* [Records to use]:
================
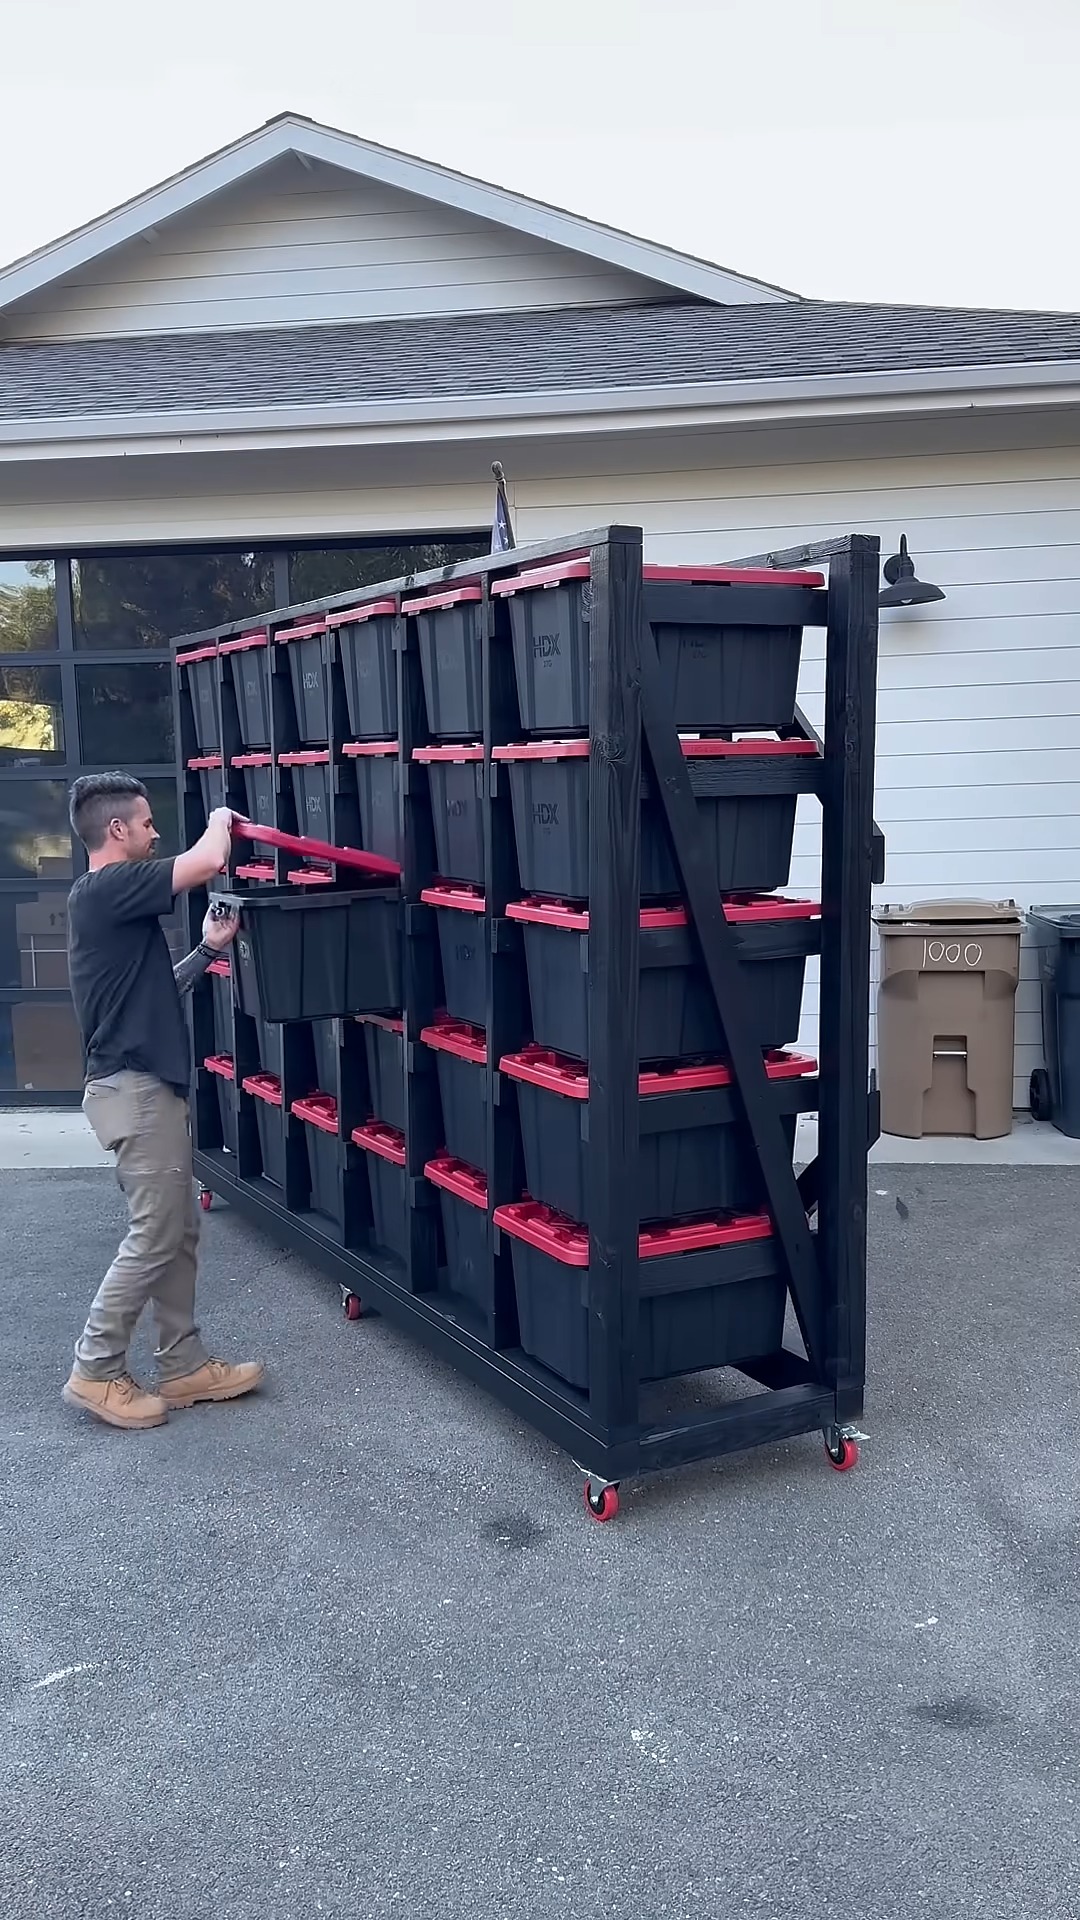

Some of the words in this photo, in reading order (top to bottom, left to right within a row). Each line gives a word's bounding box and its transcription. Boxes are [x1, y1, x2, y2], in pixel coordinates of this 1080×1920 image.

[533, 633, 561, 658] HDX
[302, 672, 319, 689] HDX
[305, 796, 322, 813] HDX
[532, 803, 560, 825] HDX
[922, 938, 983, 967] 1000
================
All of the data must be set down exactly, with no pictures included.

Some of the words in this photo, in reading order (top to bottom, left to right within a row). Each line gives a word's bounding box and its transcription. Boxes are [x1, y1, x2, y2], in pixel coordinates of this 1080×1920 image.

[533, 633, 561, 658] HDX
[302, 672, 319, 689] HDX
[305, 796, 322, 813] HDX
[532, 803, 560, 825] HDX
[922, 938, 983, 967] 1000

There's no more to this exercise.